> [Assigned task] Set down every record below exactly as it stands, leaving out the pictures.
──────
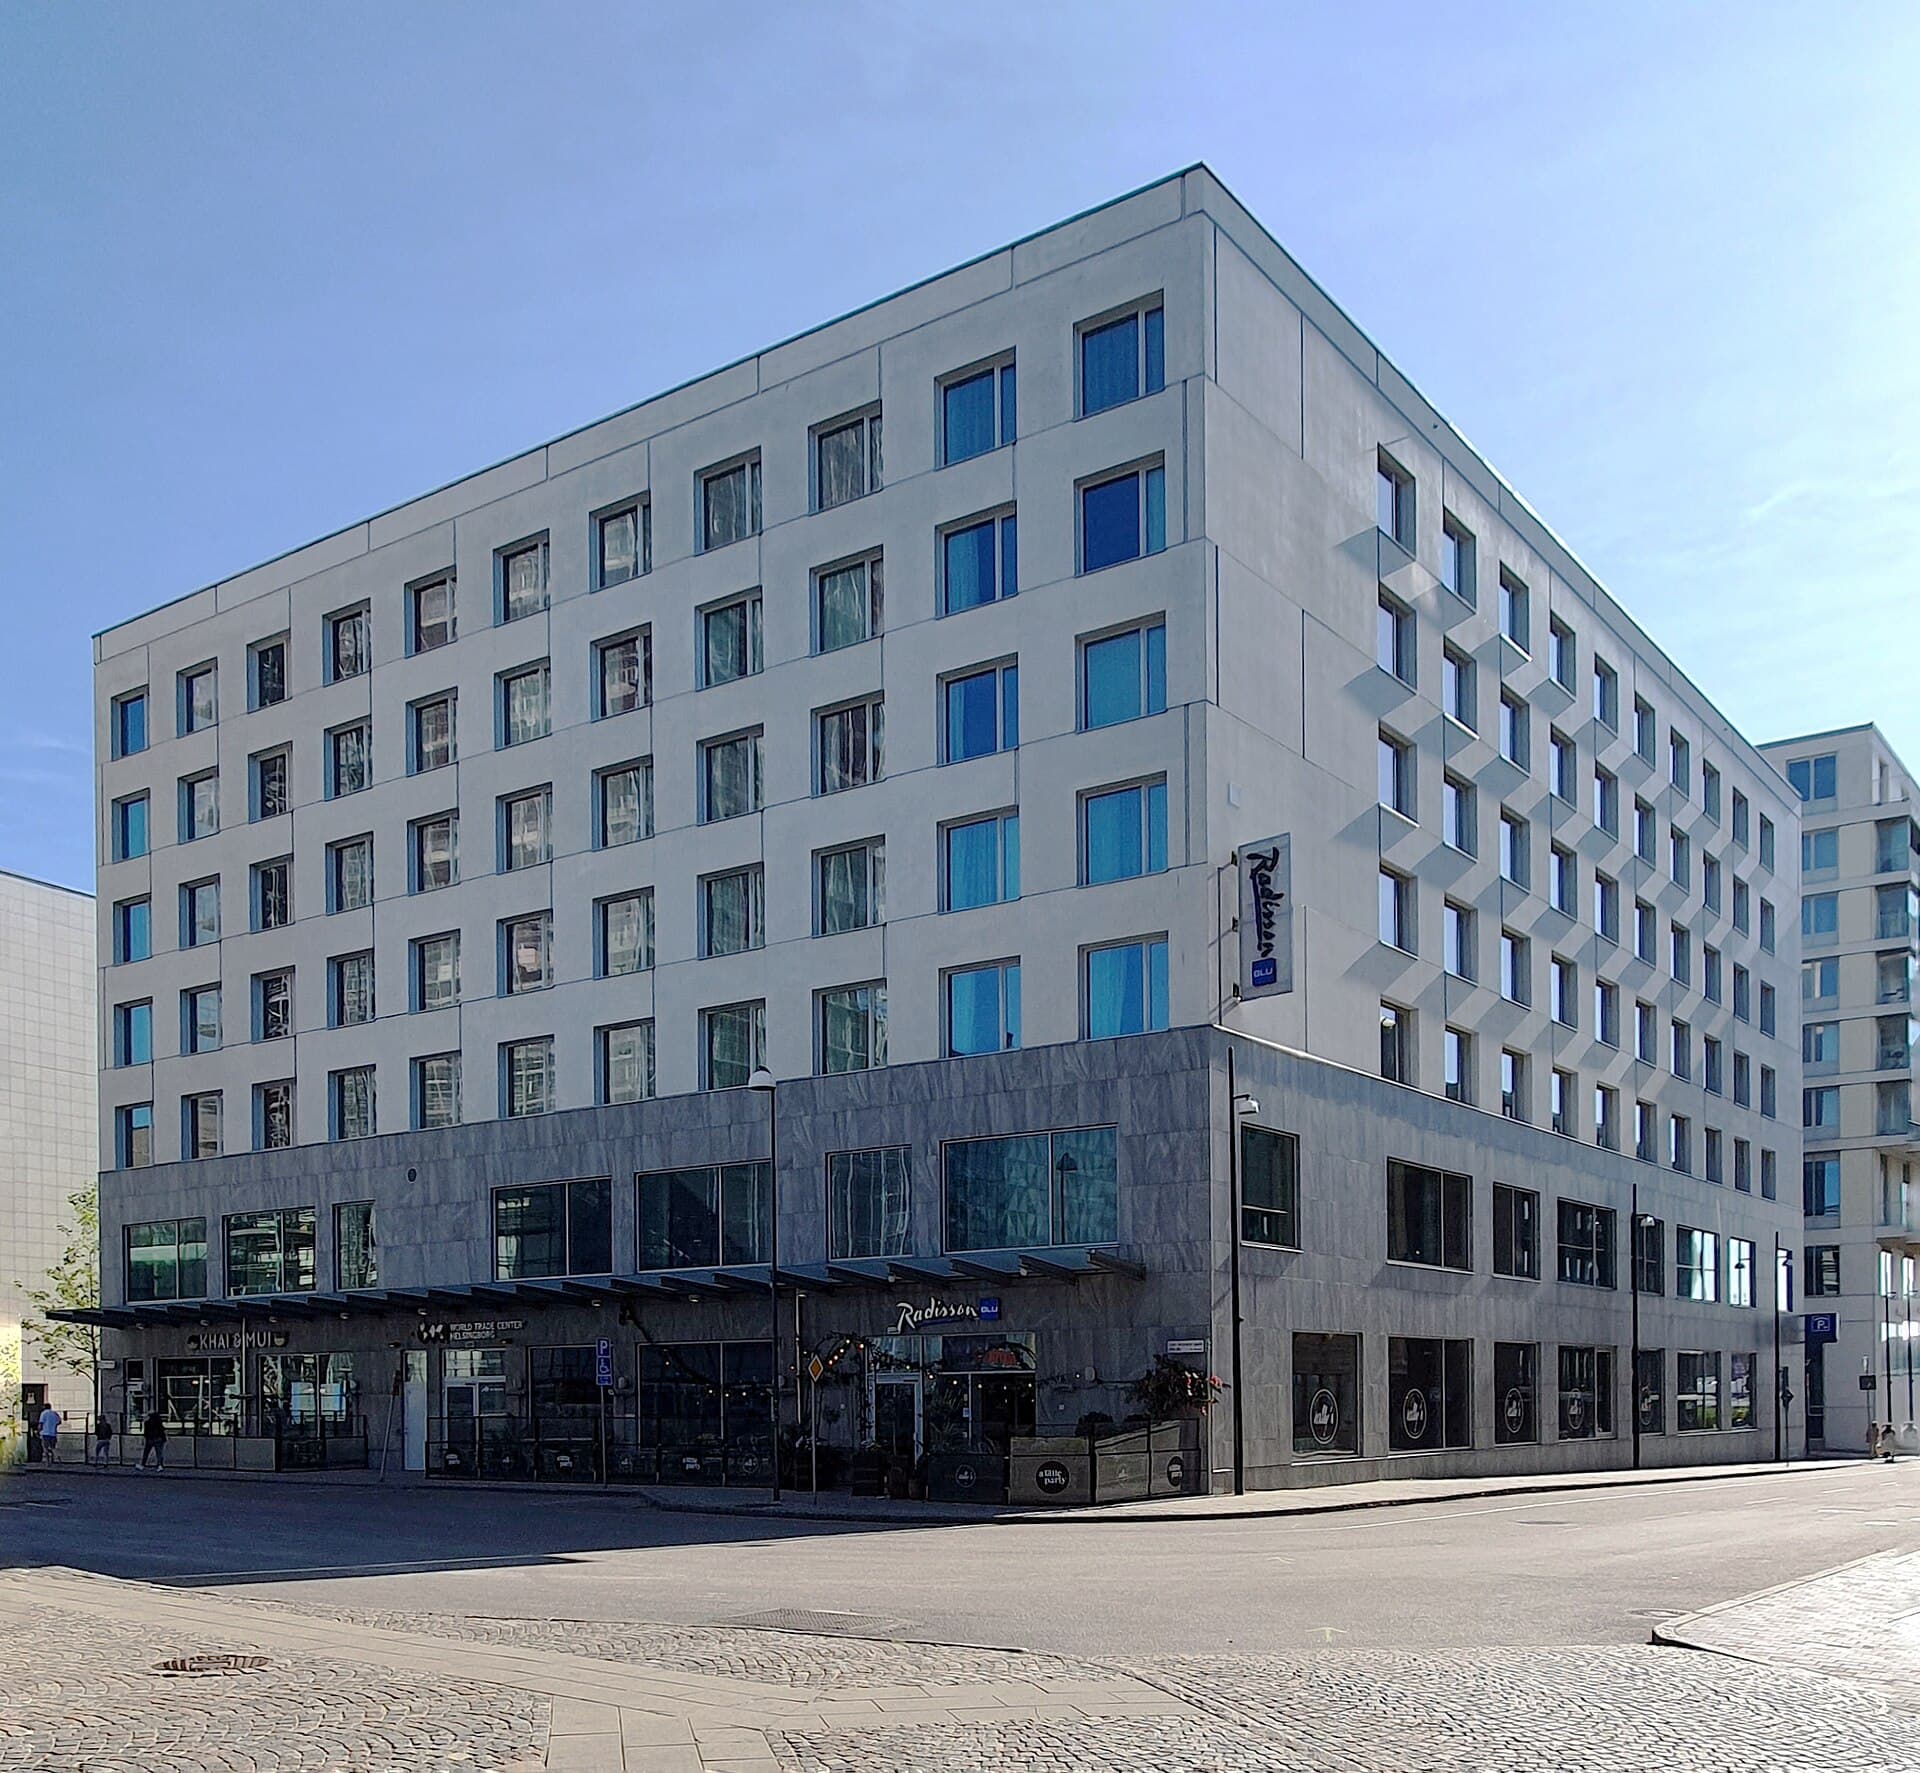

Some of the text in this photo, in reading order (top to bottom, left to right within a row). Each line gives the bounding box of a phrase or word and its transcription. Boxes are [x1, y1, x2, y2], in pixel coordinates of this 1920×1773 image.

[1246, 846, 1285, 958] Radisson
[1253, 967, 1274, 979] BLU
[896, 1296, 999, 1334] Radisson BLU
[450, 1320, 523, 1331] WORLD TRADE CENTER
[1817, 1319, 1826, 1330] P
[199, 1333, 229, 1350] KHAI
[246, 1331, 271, 1348] MUI
[450, 1331, 496, 1341] HELSINGBORG
[600, 1340, 608, 1355] P
──────
> [Answer to this task]
Some of the text in this photo, in reading order (top to bottom, left to right within a row). Each line gives the bounding box of a phrase or word and its transcription. Boxes are [x1, y1, x2, y2], in pixel coordinates of this 1920×1773 image.

[1246, 846, 1285, 958] Radisson
[1253, 967, 1274, 979] BLU
[896, 1296, 999, 1334] Radisson BLU
[450, 1320, 523, 1331] WORLD TRADE CENTER
[1817, 1319, 1826, 1330] P
[199, 1333, 229, 1350] KHAI
[246, 1331, 271, 1348] MUI
[450, 1331, 496, 1341] HELSINGBORG
[600, 1340, 608, 1355] P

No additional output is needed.